I fogli clandestini, passando di mano in mano, venivano letti da un numero molto elevato di persone

La stampa clandestina del 1943-1945 – quella cioè prodotta e diffusa senza autorizzazioni da gruppi e organizzazioni ritenute illegali dal governo fascista di Salò – è stata, grazie alla rete di stampatori e distributori che ne garantirono l’esistenza, una delle più significative forme di partecipazione attiva alla rivolta civile contro il nazismo e il fascismo, divenendo inoltre una delle testimonianze (e delle fonti) più immediate della Resistenza, della lotta armata e dei contrasti politici, ma anche della formazione di programmi sociali e della formulazione di giudizi storici <1.

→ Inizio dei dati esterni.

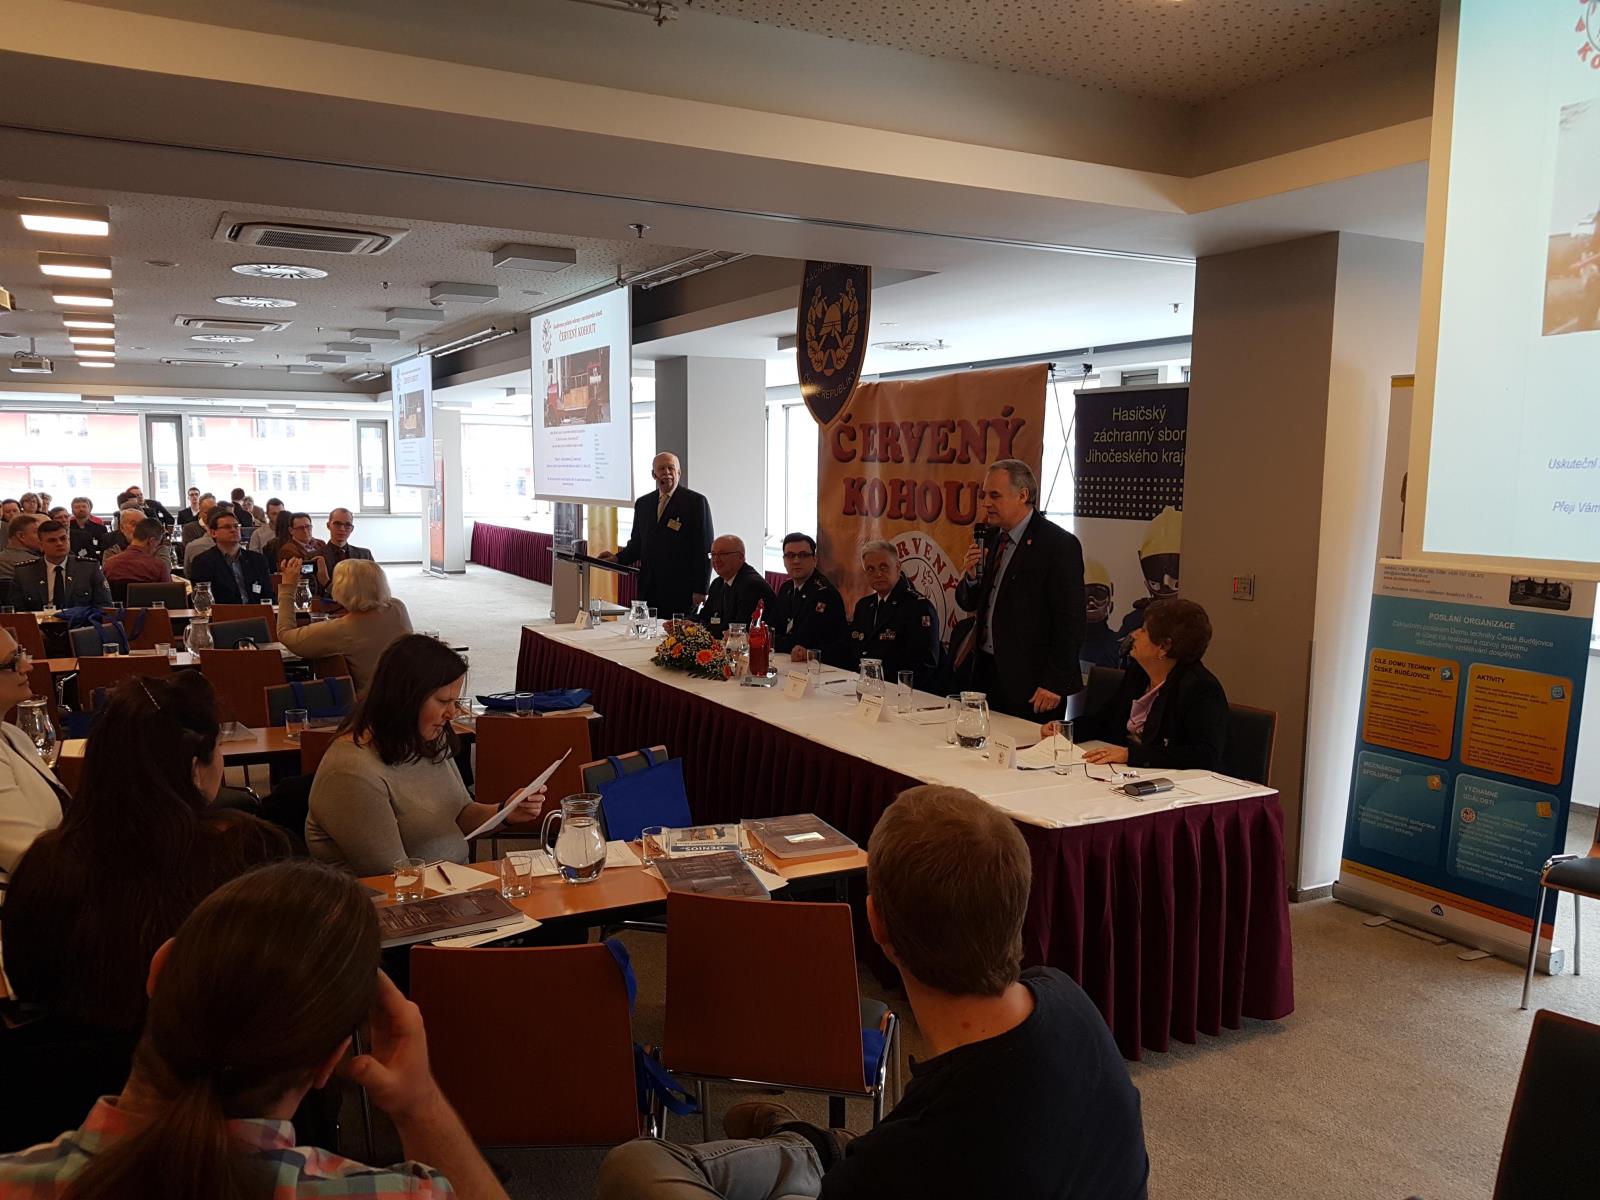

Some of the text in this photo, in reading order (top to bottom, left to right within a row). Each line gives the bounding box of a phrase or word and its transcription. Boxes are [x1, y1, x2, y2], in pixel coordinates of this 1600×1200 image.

[1112, 404, 1167, 423] Hasičský
[831, 405, 1026, 465] ČERVENÝ
[1093, 426, 1186, 445] záchranný sbor
[1085, 448, 1185, 467] Jihočeského kraj
[1548, 457, 1599, 470] Uskuteční
[842, 476, 984, 526] KOHOU
[1552, 500, 1576, 515] Přeji
[1463, 616, 1517, 631] ORGANIZACE
[1518, 636, 1554, 648] Budějovice
[1388, 660, 1406, 668] DOMU
[1407, 662, 1436, 672] TECHNIKY
[1476, 674, 1506, 685] AKTIVITY
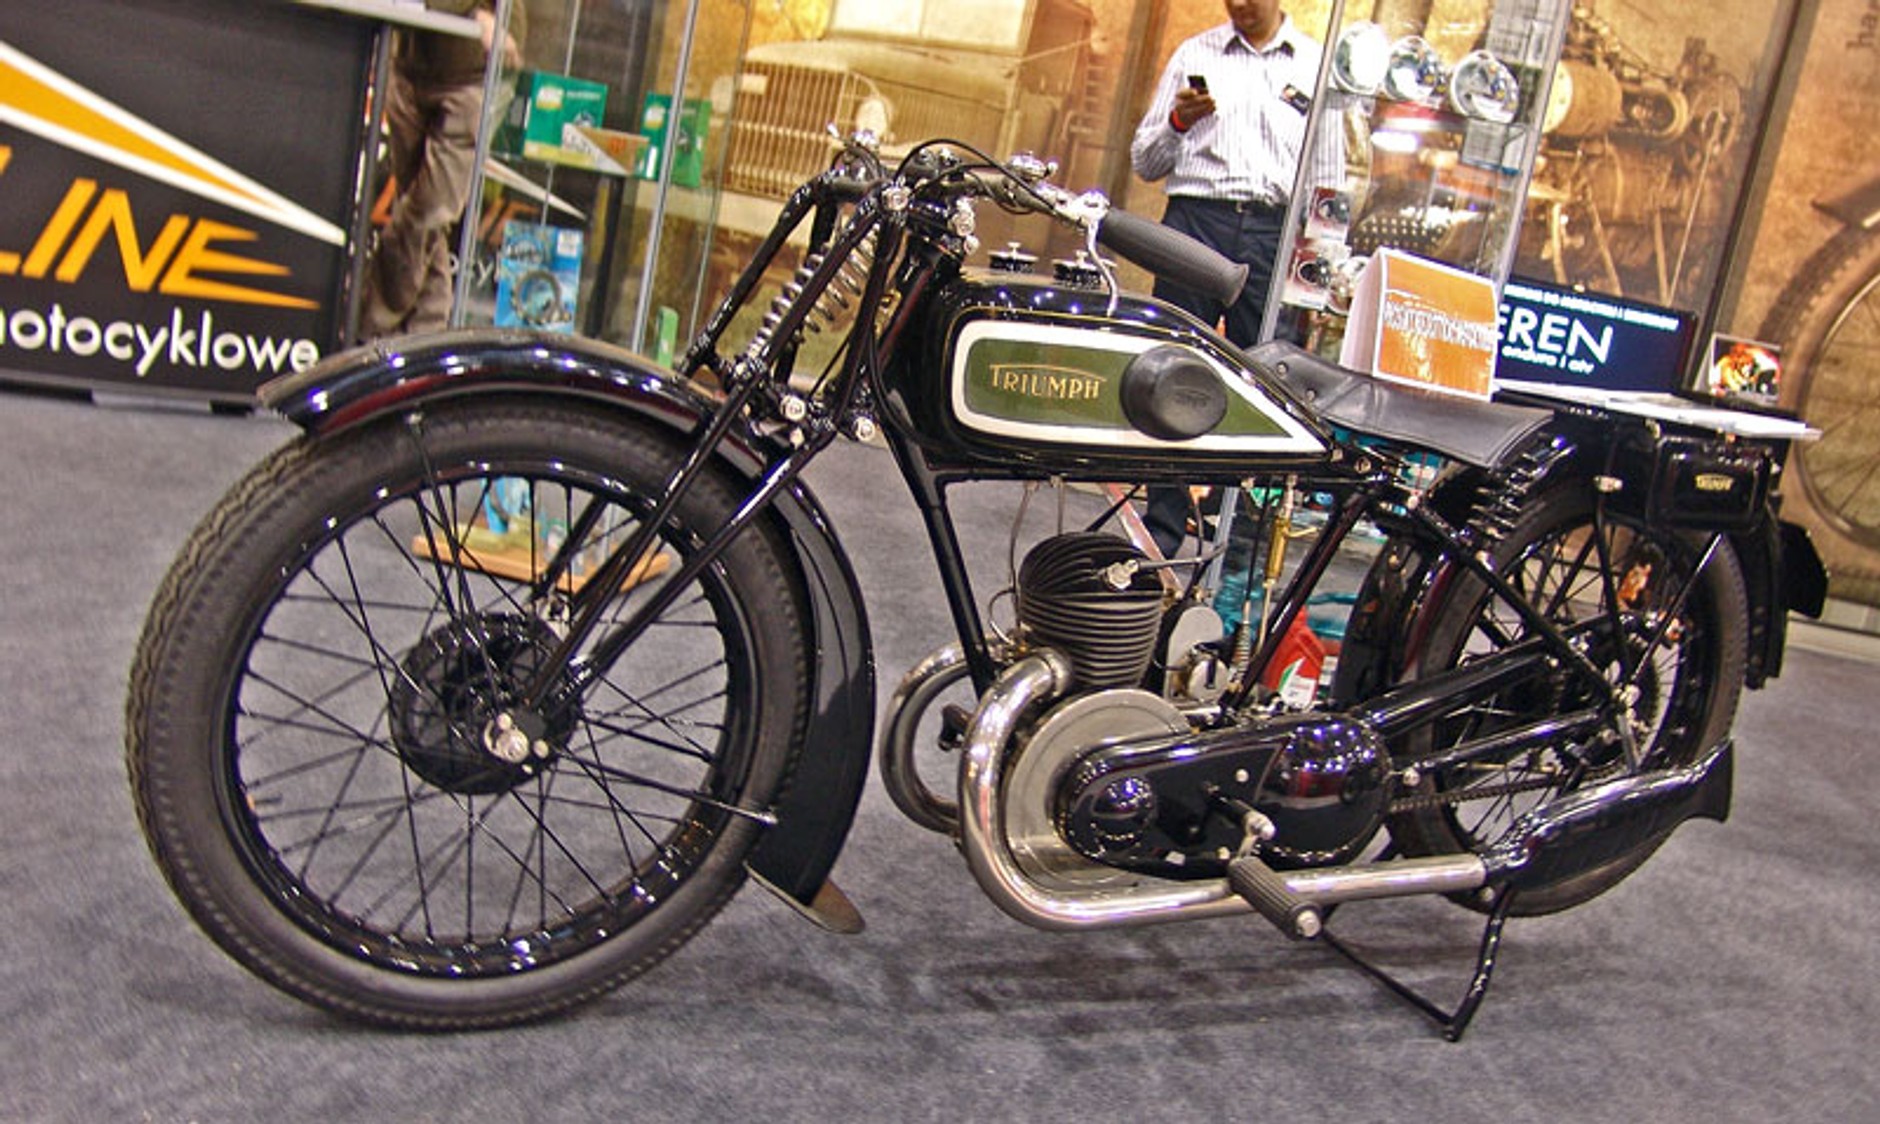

Viene qui presa in considerazione la stampa clandestina periodica e gli opuscoli in generale – si escludono perciò volantini, manifesti, proclami, decreti dei CLN – pubblicati in Italia nel periodo che intercorre tra il 25 luglio 1943 e il giorno della Liberazione (ovviamente diverso a seconda delle località), includendo anche i fogli usciti nell’ambigua situazione di «semiclandestinità» dei Quarantacinque giorni badogliani <2. L’utilizzazione dei termini necessita però di una doverosa precisazione: stampa, periodico, giornale verranno utilizzati per indicare fogli periodici, o che aspiravano – spesso ridotti al numero unico dalla contingenza – alla periodicità, e che venivano riprodotti non solo tipograficamente, ma anche con il ciclostile, la macchina da scrivere o addirittura a mano. La produzione e la distribuzione della stampa clandestina corrisposero alle diverse fasi della lotta partigiana: una prima grande diffusione dall’8 settembre a tutto il dicembre 1943, nel periodo della formazione delle bande e dei primi rastrellamenti, una seconda nel settembre-ottobre 1944, dopo l’offensiva dell’estate, e infine una terza nella primavera del 1945, con la ripresa delle iniziative partigiane. I rallentamenti e il rigoglio della stampa clandestina erano quindi strettamente legati alle controffensive nazifasciste e dipendevano dagli arresti e dalle deportazioni che ne derivavano. La
produzione era inoltre fortemente limitata dalle condizioni estreme in cui veniva effettuata la stampa – solo gli organi di partito potevano disporre di vere e proprie stamperie clandestine -, in luoghi spesso non coincidenti con quelli di redazione e composizione, con gravi difficoltà nel reperimento della carta, dei piombi e dell’inchiostro, mentre la distribuzione si basava sull’efficace ma precario sistema a «raggiera» fondato sull’abnegazione e l’impegno delle staffette.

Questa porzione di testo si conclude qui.